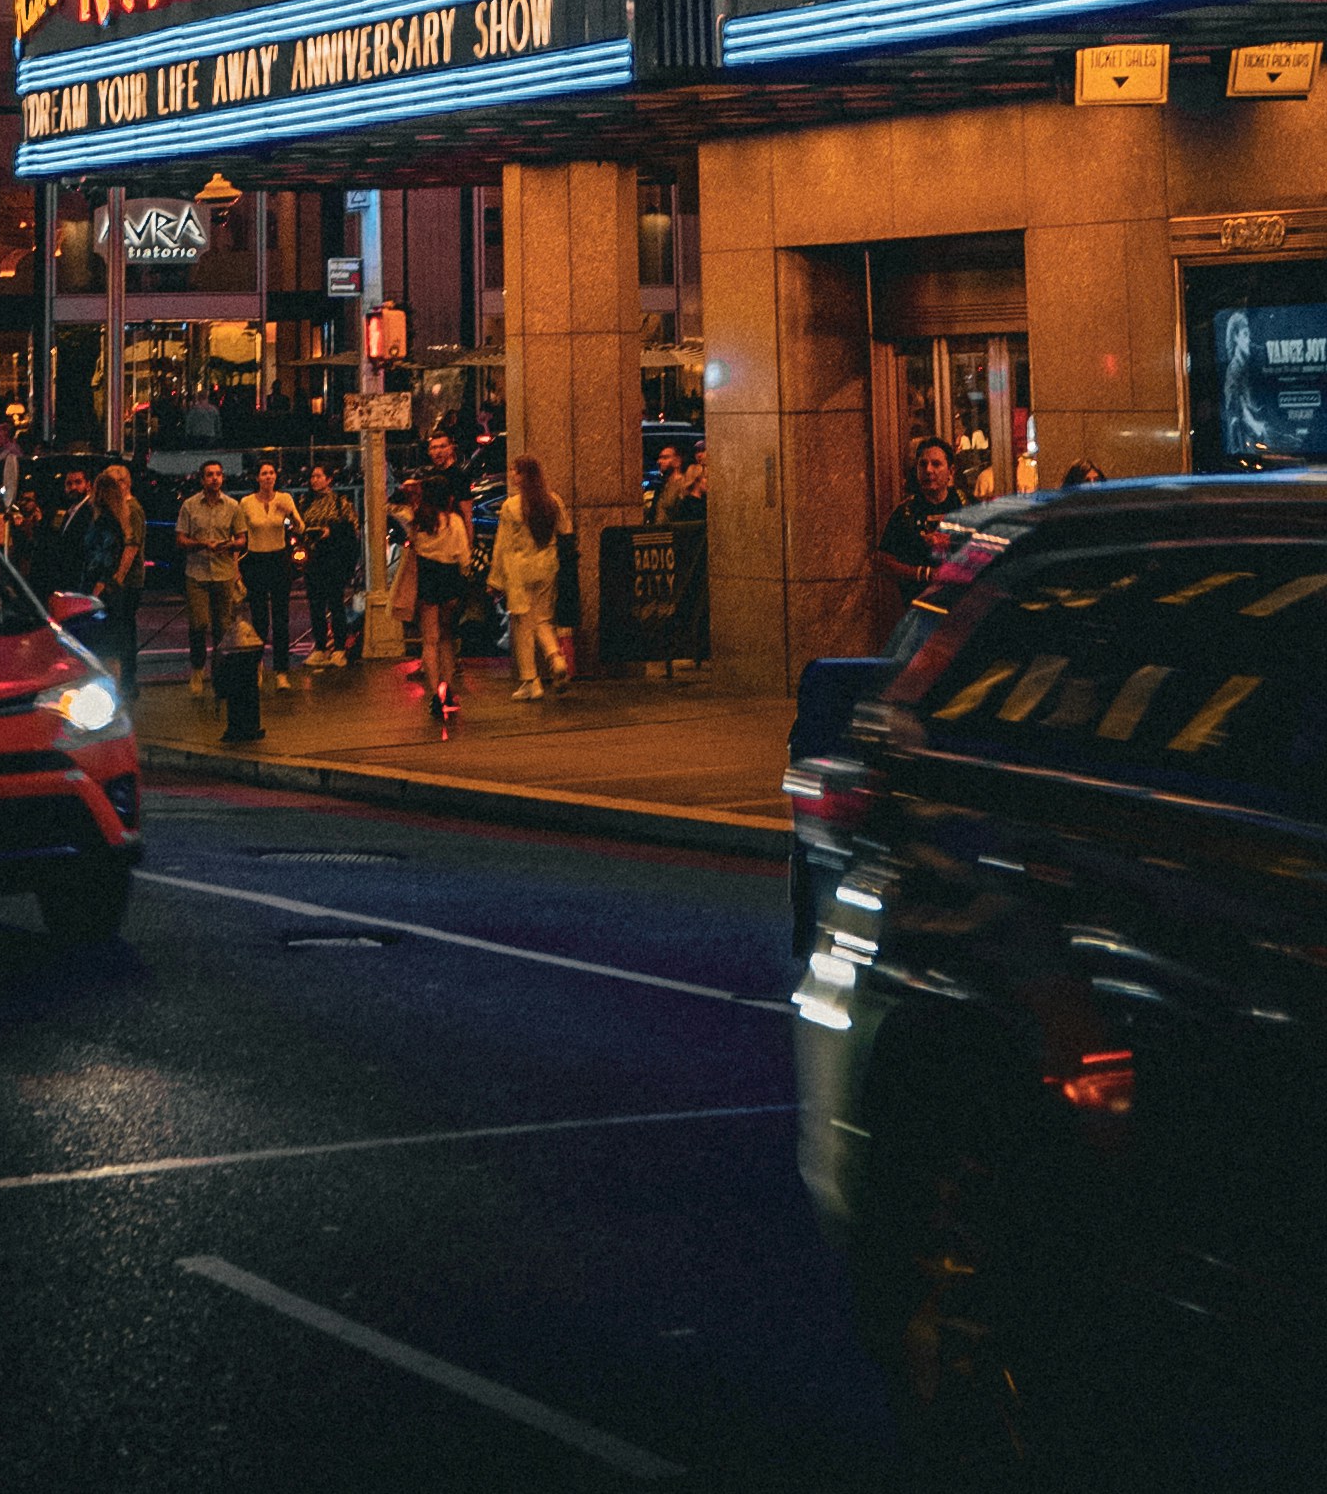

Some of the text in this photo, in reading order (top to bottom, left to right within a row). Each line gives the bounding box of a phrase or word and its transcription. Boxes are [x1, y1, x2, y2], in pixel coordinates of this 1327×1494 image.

[96, 71, 148, 125] YOUR
[157, 57, 200, 115] LIFE
[290, 9, 456, 92] ANNIVERSARY
[1125, 48, 1157, 68] SALES
[634, 547, 676, 571] RADIO
[634, 573, 676, 598] CITY

- - -

PROBLEM TO SOLVE: Could the entries above be restated word for word, with the pictures left out?

RESPONSE TO THIS EXERCISE:
Some of the text in this photo, in reading order (top to bottom, left to right within a row). Each line gives the bounding box of a phrase or word and its transcription. Boxes are [x1, y1, x2, y2], in pixel coordinates of this 1327×1494 image.

[96, 71, 148, 125] YOUR
[157, 57, 200, 115] LIFE
[290, 9, 456, 92] ANNIVERSARY
[1125, 48, 1157, 68] SALES
[634, 547, 676, 571] RADIO
[634, 573, 676, 598] CITY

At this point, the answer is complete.